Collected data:
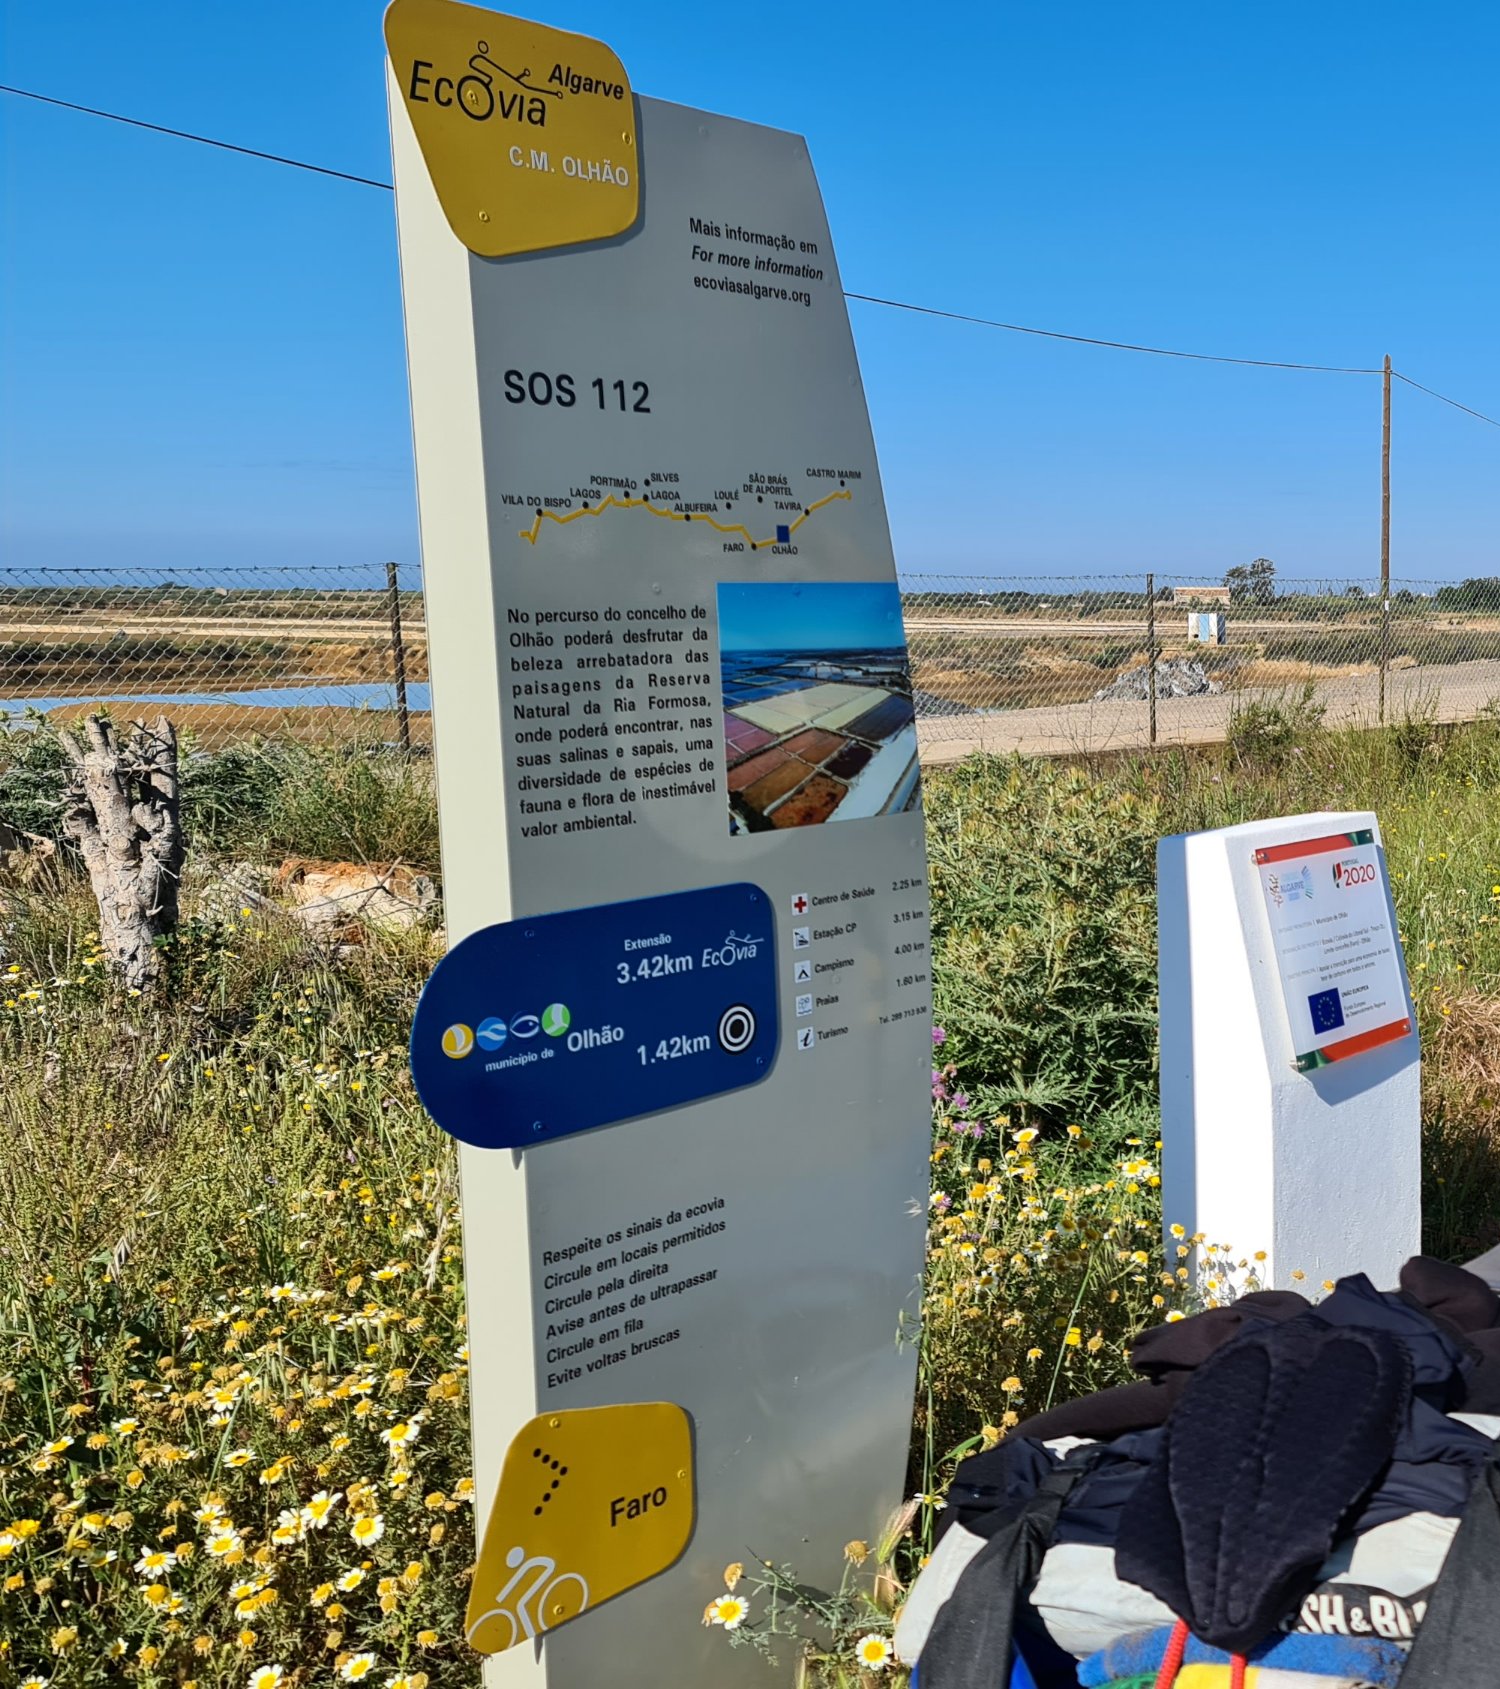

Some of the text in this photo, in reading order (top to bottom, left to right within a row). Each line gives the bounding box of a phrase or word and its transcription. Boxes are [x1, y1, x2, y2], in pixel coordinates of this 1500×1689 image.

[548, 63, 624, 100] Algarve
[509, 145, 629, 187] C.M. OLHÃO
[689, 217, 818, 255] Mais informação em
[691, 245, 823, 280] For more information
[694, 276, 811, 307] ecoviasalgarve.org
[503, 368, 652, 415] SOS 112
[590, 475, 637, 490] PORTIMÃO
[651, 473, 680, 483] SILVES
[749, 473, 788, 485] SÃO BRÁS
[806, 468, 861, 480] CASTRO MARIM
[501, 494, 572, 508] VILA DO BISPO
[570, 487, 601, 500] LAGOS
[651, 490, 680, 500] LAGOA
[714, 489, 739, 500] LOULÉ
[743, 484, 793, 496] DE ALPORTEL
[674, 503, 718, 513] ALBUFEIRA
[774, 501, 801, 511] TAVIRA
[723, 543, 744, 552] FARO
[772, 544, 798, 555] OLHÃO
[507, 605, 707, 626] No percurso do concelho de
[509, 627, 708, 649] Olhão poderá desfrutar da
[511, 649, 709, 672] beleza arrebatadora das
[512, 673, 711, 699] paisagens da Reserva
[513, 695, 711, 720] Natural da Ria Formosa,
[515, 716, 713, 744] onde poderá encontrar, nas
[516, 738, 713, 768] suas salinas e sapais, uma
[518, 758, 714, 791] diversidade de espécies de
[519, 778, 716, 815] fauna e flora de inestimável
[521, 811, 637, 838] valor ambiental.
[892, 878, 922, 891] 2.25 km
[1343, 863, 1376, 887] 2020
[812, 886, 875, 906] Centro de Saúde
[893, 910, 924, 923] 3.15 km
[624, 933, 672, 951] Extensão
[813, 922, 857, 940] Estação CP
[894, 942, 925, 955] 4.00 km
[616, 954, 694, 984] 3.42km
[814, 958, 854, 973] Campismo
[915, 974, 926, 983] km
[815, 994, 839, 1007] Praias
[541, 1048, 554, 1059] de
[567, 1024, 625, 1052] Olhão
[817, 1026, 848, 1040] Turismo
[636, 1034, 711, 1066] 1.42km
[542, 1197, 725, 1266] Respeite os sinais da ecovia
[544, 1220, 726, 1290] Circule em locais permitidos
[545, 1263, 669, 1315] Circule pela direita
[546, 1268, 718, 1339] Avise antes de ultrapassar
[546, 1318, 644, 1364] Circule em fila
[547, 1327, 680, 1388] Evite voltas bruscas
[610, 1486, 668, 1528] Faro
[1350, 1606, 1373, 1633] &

WHAT IS EXPECTED: The records above are to be reproduced exactly; the pictures are to be left out.

WRITTEN RESPONSE:
Some of the text in this photo, in reading order (top to bottom, left to right within a row). Each line gives the bounding box of a phrase or word and its transcription. Boxes are [x1, y1, x2, y2], in pixel coordinates of this 1500×1689 image.

[548, 63, 624, 100] Algarve
[509, 145, 629, 187] C.M. OLHÃO
[689, 217, 818, 255] Mais informação em
[691, 245, 823, 280] For more information
[694, 276, 811, 307] ecoviasalgarve.org
[503, 368, 652, 415] SOS 112
[590, 475, 637, 490] PORTIMÃO
[651, 473, 680, 483] SILVES
[749, 473, 788, 485] SÃO BRÁS
[806, 468, 861, 480] CASTRO MARIM
[501, 494, 572, 508] VILA DO BISPO
[570, 487, 601, 500] LAGOS
[651, 490, 680, 500] LAGOA
[714, 489, 739, 500] LOULÉ
[743, 484, 793, 496] DE ALPORTEL
[674, 503, 718, 513] ALBUFEIRA
[774, 501, 801, 511] TAVIRA
[723, 543, 744, 552] FARO
[772, 544, 798, 555] OLHÃO
[507, 605, 707, 626] No percurso do concelho de
[509, 627, 708, 649] Olhão poderá desfrutar da
[511, 649, 709, 672] beleza arrebatadora das
[512, 673, 711, 699] paisagens da Reserva
[513, 695, 711, 720] Natural da Ria Formosa,
[515, 716, 713, 744] onde poderá encontrar, nas
[516, 738, 713, 768] suas salinas e sapais, uma
[518, 758, 714, 791] diversidade de espécies de
[519, 778, 716, 815] fauna e flora de inestimável
[521, 811, 637, 838] valor ambiental.
[892, 878, 922, 891] 2.25 km
[1343, 863, 1376, 887] 2020
[812, 886, 875, 906] Centro de Saúde
[893, 910, 924, 923] 3.15 km
[624, 933, 672, 951] Extensão
[813, 922, 857, 940] Estação CP
[894, 942, 925, 955] 4.00 km
[616, 954, 694, 984] 3.42km
[814, 958, 854, 973] Campismo
[915, 974, 926, 983] km
[815, 994, 839, 1007] Praias
[541, 1048, 554, 1059] de
[567, 1024, 625, 1052] Olhão
[817, 1026, 848, 1040] Turismo
[636, 1034, 711, 1066] 1.42km
[542, 1197, 725, 1266] Respeite os sinais da ecovia
[544, 1220, 726, 1290] Circule em locais permitidos
[545, 1263, 669, 1315] Circule pela direita
[546, 1268, 718, 1339] Avise antes de ultrapassar
[546, 1318, 644, 1364] Circule em fila
[547, 1327, 680, 1388] Evite voltas bruscas
[610, 1486, 668, 1528] Faro
[1350, 1606, 1373, 1633] &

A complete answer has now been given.